Hands-on Exercise: Set up Prometheus and Grafana for monitoring resource utilization in a Kubernetes cluster.

Steps:

  1. Install Prometheus and Grafana in your Kubernetes cluster.
  2. Configure Prometheus to scrape metrics from Kubernetes components (nodes, pods, API server).
  3. Create Grafana dashboards to visualize CPU, memory, disk I/O, and network metrics.
  4. Explore the dashboards and identify resource utilization patterns.

2. Identifying Resource Bottlenecks:

Hands-on Exercise: Use Prometheus and Grafana to identify a resource bottleneck in a sample application.

Steps:

  1. Monitor CPU and memory utilization metrics of pods using Grafana.
  2. Identify pods with consistently high resource usage.
  3. Check if these pods have appropriate resource requests and limits set.
  4. Analyze logs and events to pinpoint the cause of resource contention.

3. Optimizing Resource Requests and Limits:

Hands-on Exercise: Optimize resource requests and limits for a deployment based on observed usage patterns.

Steps:

  1. Analyze resource usage patterns of your application using monitoring tools.
  2. Adjust resource requests and limits for pods to match actual usage.
  3. Deploy the updated configuration and observe the impact on resource utilization.
  4. Repeat the process iteratively to fine-tune resource allocation.
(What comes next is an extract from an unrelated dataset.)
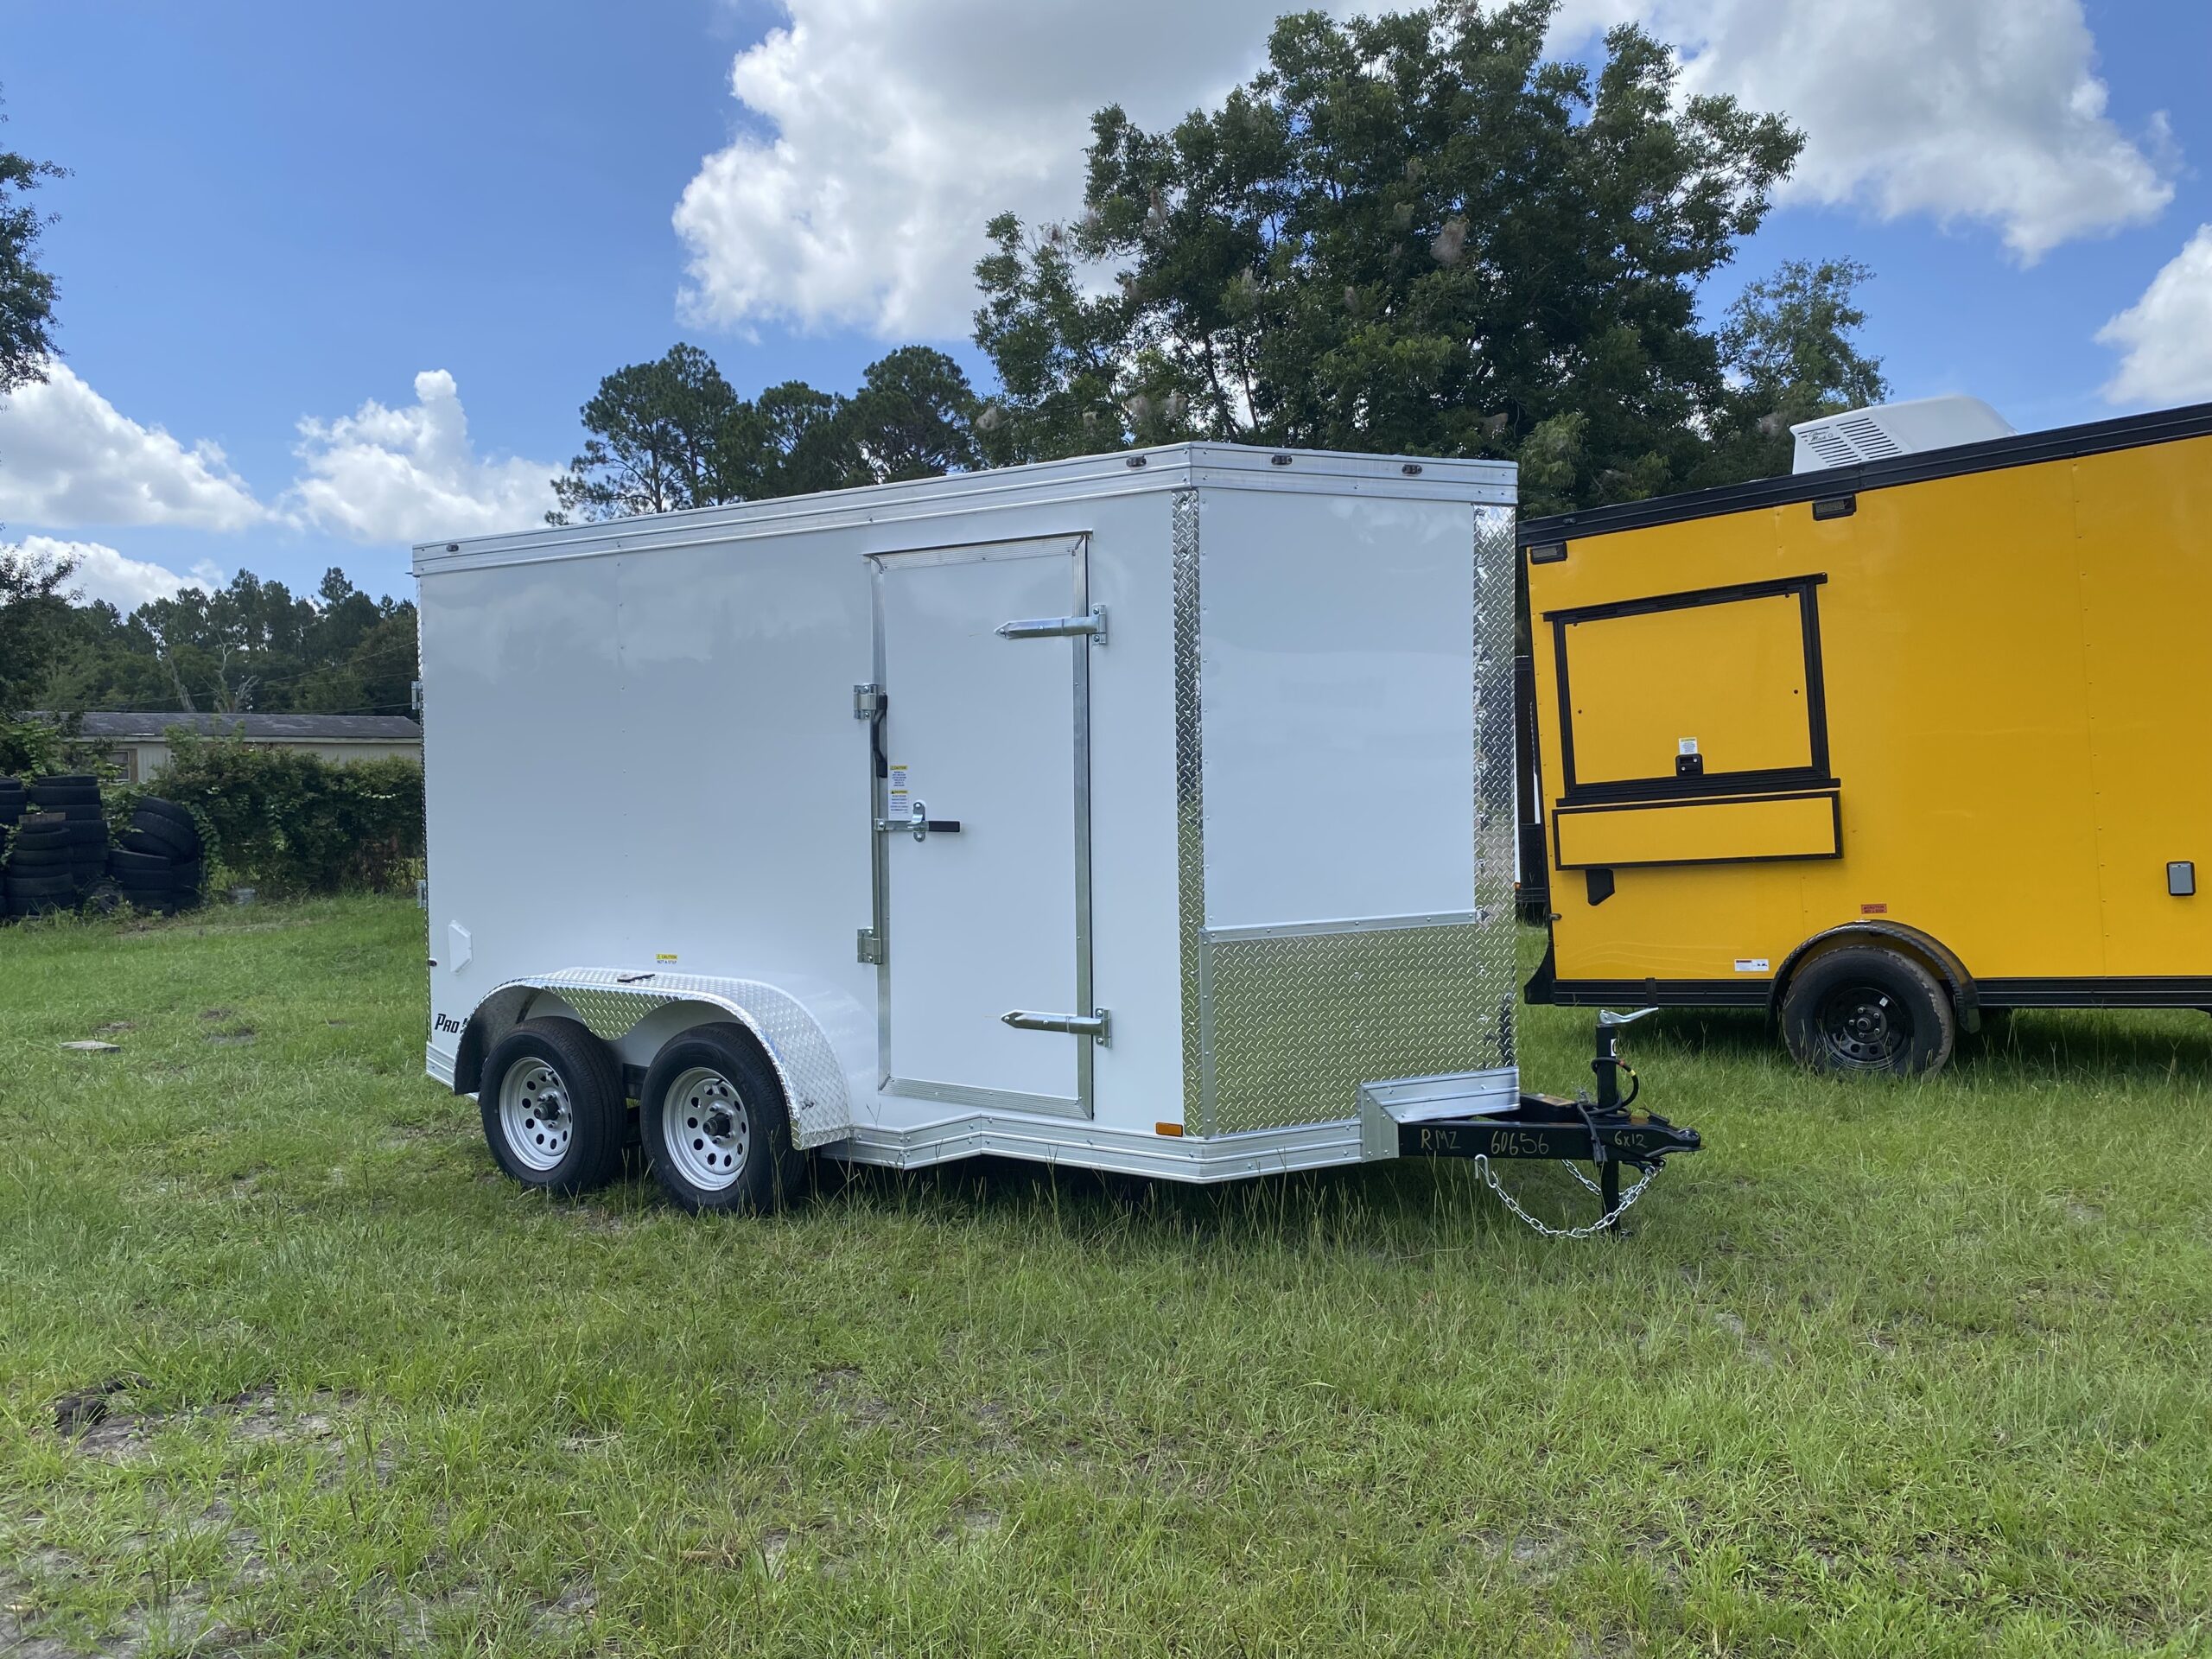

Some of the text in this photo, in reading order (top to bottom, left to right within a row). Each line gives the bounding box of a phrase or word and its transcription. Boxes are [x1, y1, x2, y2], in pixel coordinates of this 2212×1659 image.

[1421, 1128, 1648, 1156] RMZ 60656 6x12
4. Scaling Applications for Performance Improvement:

Hands-on Exercise: Set up Horizontal Pod Autoscaler (HPA) for a deployment and observe its behavior under varying workload.

Steps:

  1. Define resource utilization metrics (e.g., CPU) thresholds for autoscaling.
  2. Configure HPA for the deployment with appropriate scaling parameters.
  3. Generate load on the application to trigger autoscaling.
  4. Monitor HPA events and observe how it dynamically scales the number of pod replicas.
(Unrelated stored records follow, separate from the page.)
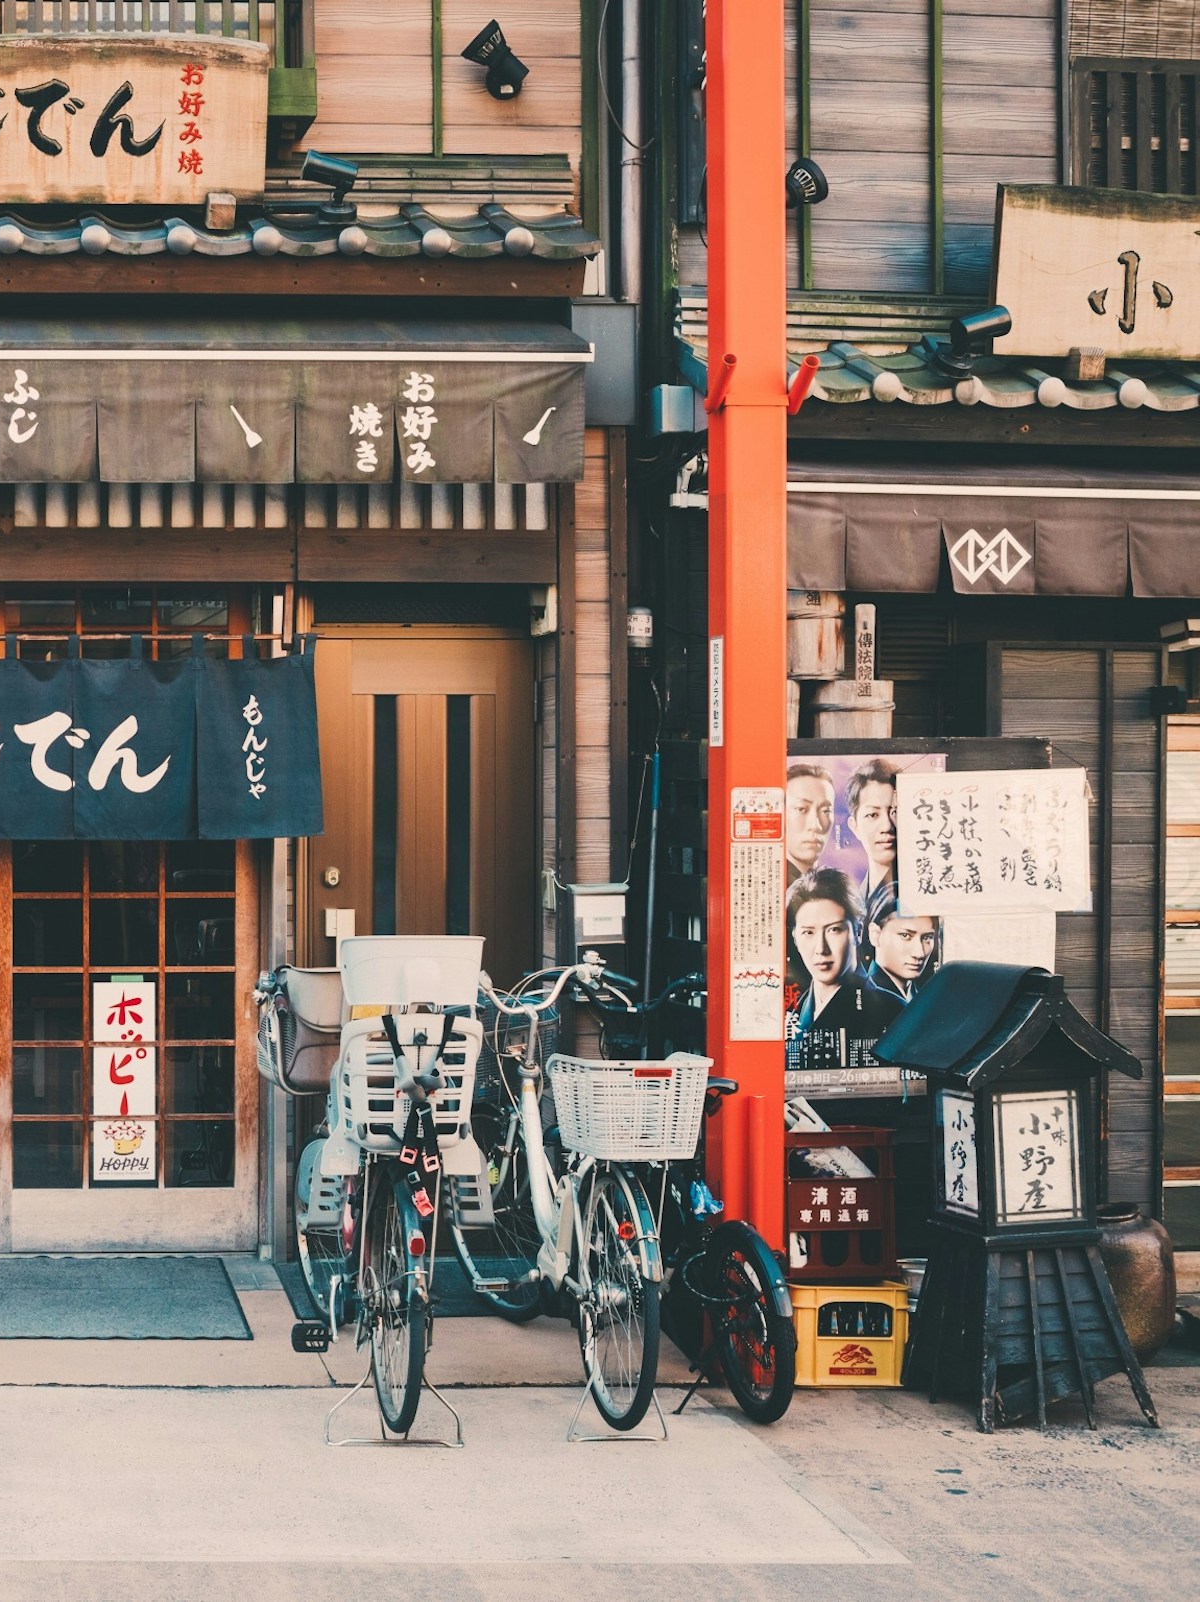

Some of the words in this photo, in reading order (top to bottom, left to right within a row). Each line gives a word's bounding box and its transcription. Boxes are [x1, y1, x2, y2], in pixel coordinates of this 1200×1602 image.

[177, 63, 205, 176] お好み焼
[3, 369, 40, 444] ふじ
[348, 402, 384, 473] 焼き
[401, 371, 437, 474] お好み
[242, 694, 268, 800] もんじゃ
[106, 991, 147, 1116] ホッピー
[811, 1187, 857, 1206] 清酒
[950, 1109, 968, 1202] 小野屋
[1018, 1113, 1055, 1212] 小野屋
[800, 1209, 870, 1223] 専用通箱
Now some, issues based on Real life examples and how to get it resolved in a go;

Scenario 1 : E-commerce Application Performance:

Scenario: An e-commerce application experiences slow response times during peak traffic hours due to CPU bottlenecks.

Task: Use HPA to automatically scale the number of pod replicas based on CPU utilization to handle increased traffic load.

Solution:
HPA automatically adjusts the number of pod replicas based on CPU utilization, ensuring that your application can handle increased traffic load efficiently. Here’s a step-by-step guide on how to set up HPA:

  1. Ensure Metrics Server is Installed: HPA relies on Metrics Server to gather metrics such as CPU utilization. Make sure Metrics Server is installed and running in your Kubernetes cluster.
  2. Set Resource Requests and Limits: Define appropriate CPU resource requests and limits for your application pods in the Kubernetes deployment or pod specification. This helps Kubernetes understand how much CPU each pod requires and limits excessive CPU usage.
  3. Create HorizontalPodAutoscaler: Define an HPA object that specifies the scaling behavior based on CPU utilization. You can specify the target CPU utilization percentage and the minimum/maximum number of replicas for your pods.
apiVersion: autoscaling/v2beta2
kind: HorizontalPodAutoscaler
metadata:
name: your-app-hpa
spec:
scaleTargetRef:
apiVersion: apps/v1
kind: Deployment
name: your-app-deployment
minReplicas: 1
maxReplicas: 10
metrics:
- type: Resource
resource:
name: cpu
target:
type: Utilization
averageUtilization: 50
  1. Replace your-app-hpa with a suitable name for your HPA object, your-app-deployment with the name of your deployment, and adjust the averageUtilization value according to your requirements.
  2. Apply the HPA Configuration: Apply the HPA configuration to your Kubernetes cluster using kubectl apply.
kubectl apply -f your-hpa-config.yaml
  1. Monitor HPA: Monitor the HPA behavior using kubectl get hpa command. You can see the current CPU utilization, target utilization, and the number of replicas being managed by HPA.
  2. Test and Iterate: After applying HPA, simulate peak traffic or gradually increase traffic to your application to observe how HPA scales the number of pod replicas in response to CPU utilization. You may need to adjust the HPA configuration parameters based on your application’s behavior and performance requirements.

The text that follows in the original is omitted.